Da Kabul, l’iniziativa “Caro Afghanistan” ha visto la partecipazione via telefono, skype, sms, email, facebook e twitter da tutto il mondo, da Nord e Sud America, Australia, Asia e Europa, inclusa Italia.
Le domande rivolte agli afgani hanno riguardato in particolare le giustificazioni date dai governi dei Paesi NATO per la loro presenza in Afghanistan, tra cui aiutare gli afghani e stabilizzare il Paese, migliorare la situazione delle donne e sconfiggere i talebani, nonché i progressi vantati da Stati Uniti e NATO.
I giovani afghani hanno ricordato che a seguito di quasi 10 anni di guerra e miliardi spesi, a dicembre la Croce Rossa Internazionale ha dichiarato in una rara conferenza stampa che la situazione in Afghanistan è la peggiore degli ultimi 30 anni. Il proseguimento della guerra e le politiche della NATO hanno portato all’aumento di gruppi armati e a un rapido deterioramento della sicurezza per la stragrande maggioranza degli afghani, come riportato anche nella relazione di novembre di 29 ONG impegnate in Afghanistan.

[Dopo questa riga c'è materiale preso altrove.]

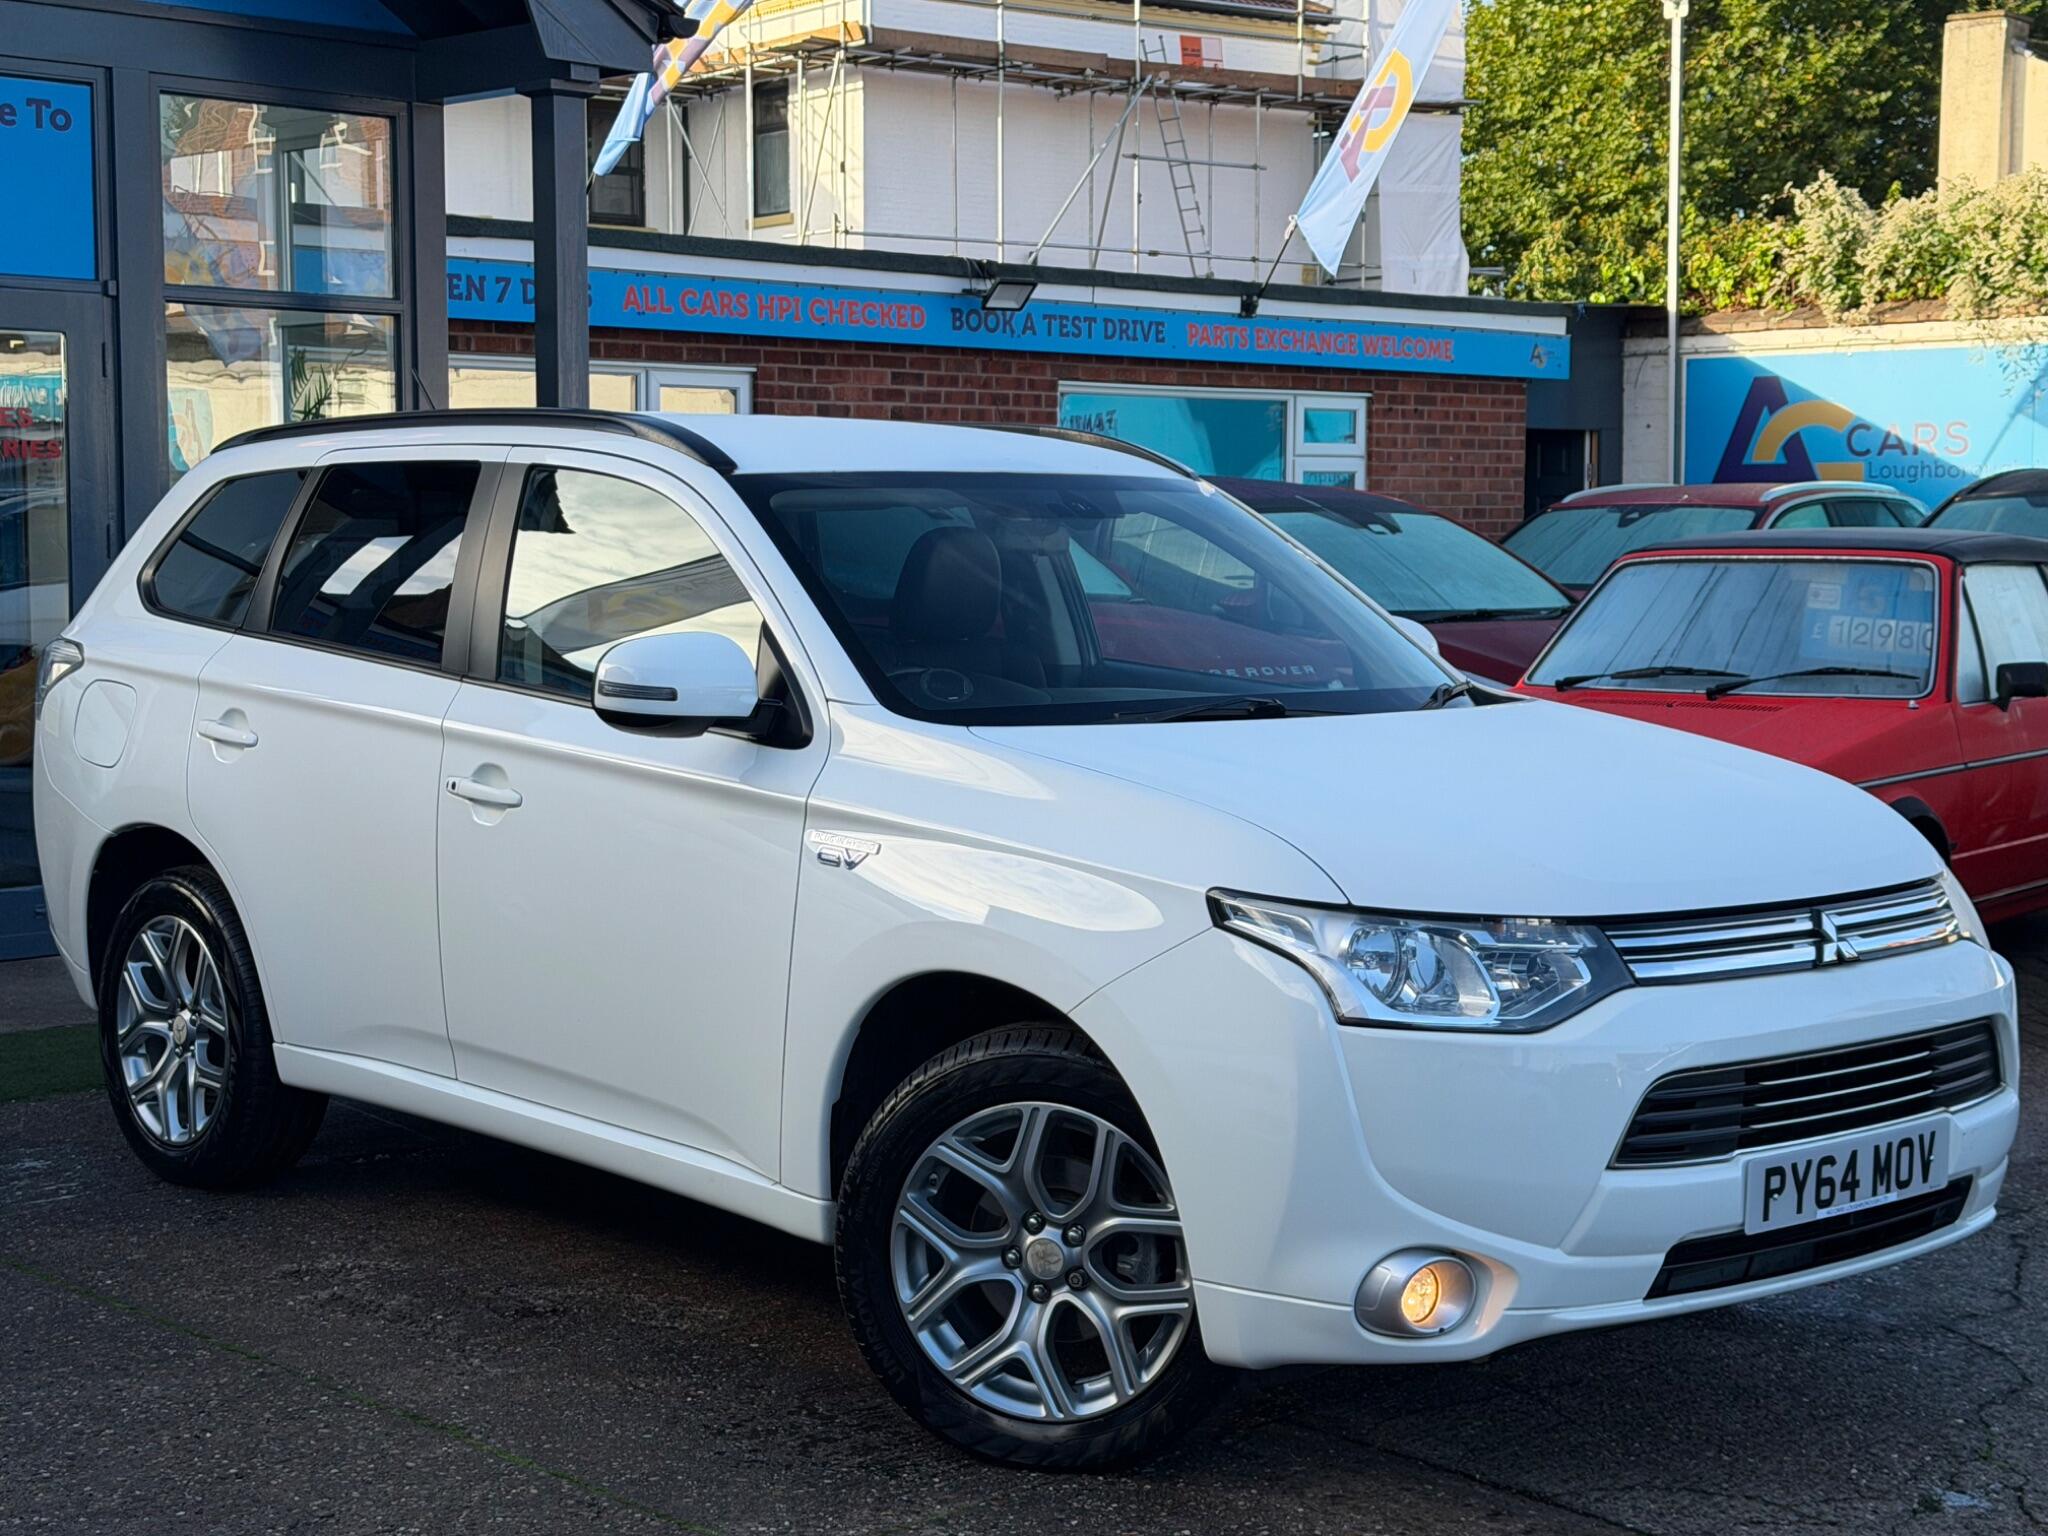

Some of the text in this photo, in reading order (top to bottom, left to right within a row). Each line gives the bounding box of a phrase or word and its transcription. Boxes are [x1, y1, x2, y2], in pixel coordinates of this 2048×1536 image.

[26, 97, 73, 132] To
[495, 277, 512, 304] 7
[623, 285, 927, 330] ALL CARS HPI CHECKED
[951, 307, 1166, 343] BOOK A TEST DRIVE
[1187, 323, 1455, 361] PARTS EXCHANGE WELCOME
[1846, 421, 1969, 457] CARS
[1245, 664, 1316, 677] ROVER
[1763, 1130, 1937, 1222] PY64 MOV

Per quanto riguarda le donne in Afghanistan, citando dati del ministero afghano per la salute, i ragazzi afghani hanno ricordato che solo nel 2010 sono 2300 le donne e le ragazze che si sono tolte la vita, e tra le principali cause la povertà, la continua violenza e la guerra.
Un intervento dal nord Italia, alla presenza di rifiugiati afgani, ha evidenziato la difficile situazione dei richiedenti asilo politico in Italia e in altri Paesi europei dopo essere stati costretti a lasciare il proprio Paese, un altro doloroso aspetto della guerra e un’altra violenza subita dalla popolazione afghana.

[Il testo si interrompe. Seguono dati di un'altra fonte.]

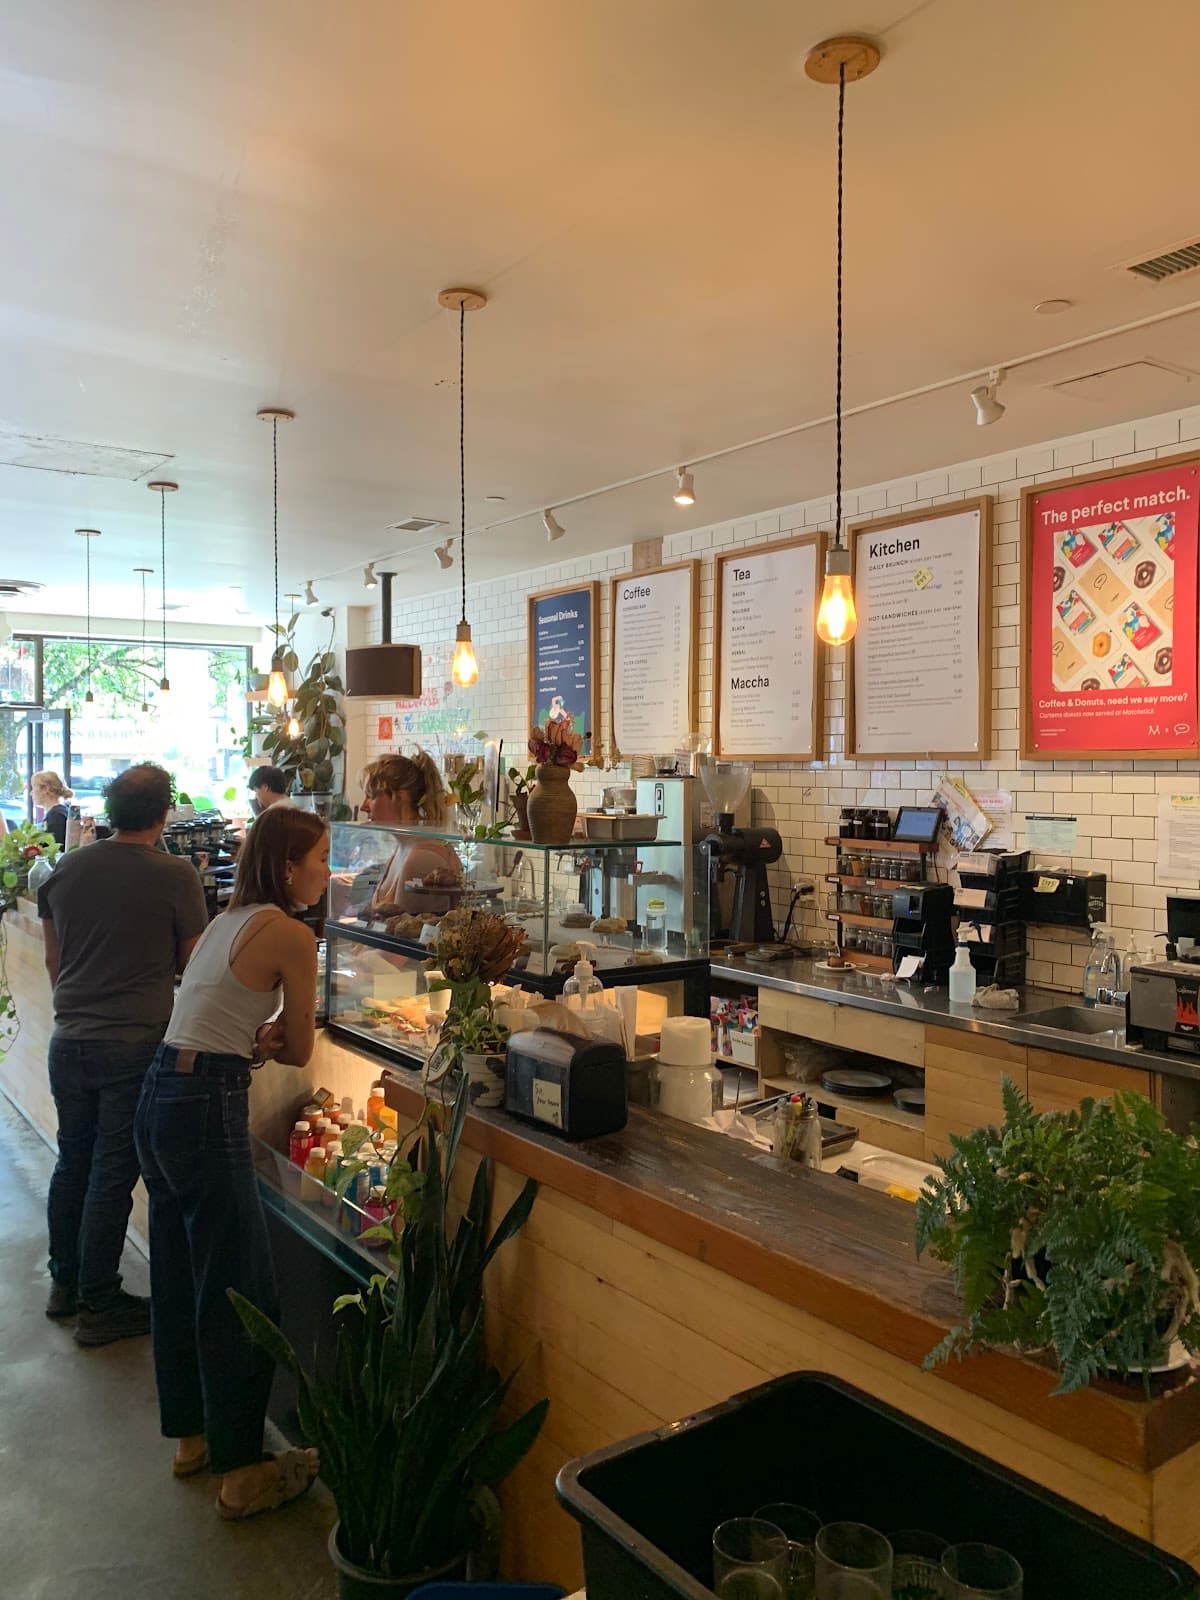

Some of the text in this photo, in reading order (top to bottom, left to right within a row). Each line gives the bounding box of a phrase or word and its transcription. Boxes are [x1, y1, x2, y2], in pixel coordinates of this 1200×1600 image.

[1042, 485, 1190, 525] The perfect match.
[869, 538, 920, 558] Kitchen
[732, 569, 751, 581] Tea
[623, 586, 651, 600] Coffee
[559, 609, 578, 620] Drinks
[881, 610, 918, 620] SANDWICHES
[731, 675, 770, 690] Maccha
[1039, 699, 1066, 709] Coffee
[1067, 699, 1074, 707] &
[1075, 698, 1106, 707] Donuts,
[1107, 696, 1129, 705] need
[1144, 697, 1158, 705] say
[1160, 693, 1188, 703] more?

Quando toccava a me, ho parlato del soldato italiano morto il giorno precedente, notizia che dominava i media di fine anno in Italia, leggendogli anche alcune dichiarazioni di esponenti del governo. Hanno risposto, “chiaramente ci dispiace sapere del soldato morto e mandiamo le nostre più sentite condoglianze alla famiglia. Se ci fosse modo, vorremmo dare loro il nostro conforto. Però, è un errore per i politici parlare di sacrificio per la pace. La pace non può venire dalla guerra”.
A giugno 2010, l’annuale sondaggio “Transatlantic Trends” della Compagnia di San Paolo e del German Marshall Fund, condotto in 13 paesi NATO, ha rivelato che la maggioranza è per il ritiro delle truppe dall’Afghanistan; in Italia il 32% chiede il ritiro immediato e il 41% entro il 2011.
Questo modo comune di sentire dovrebbe diventare una forza per costringere i responsabili politici ad ascoltare l’appello dei giovani afghani, e il loro impegno per la pace, nonostante le pesantissime condizioni di vita, dovrebbe essere un esempio per tutti noi.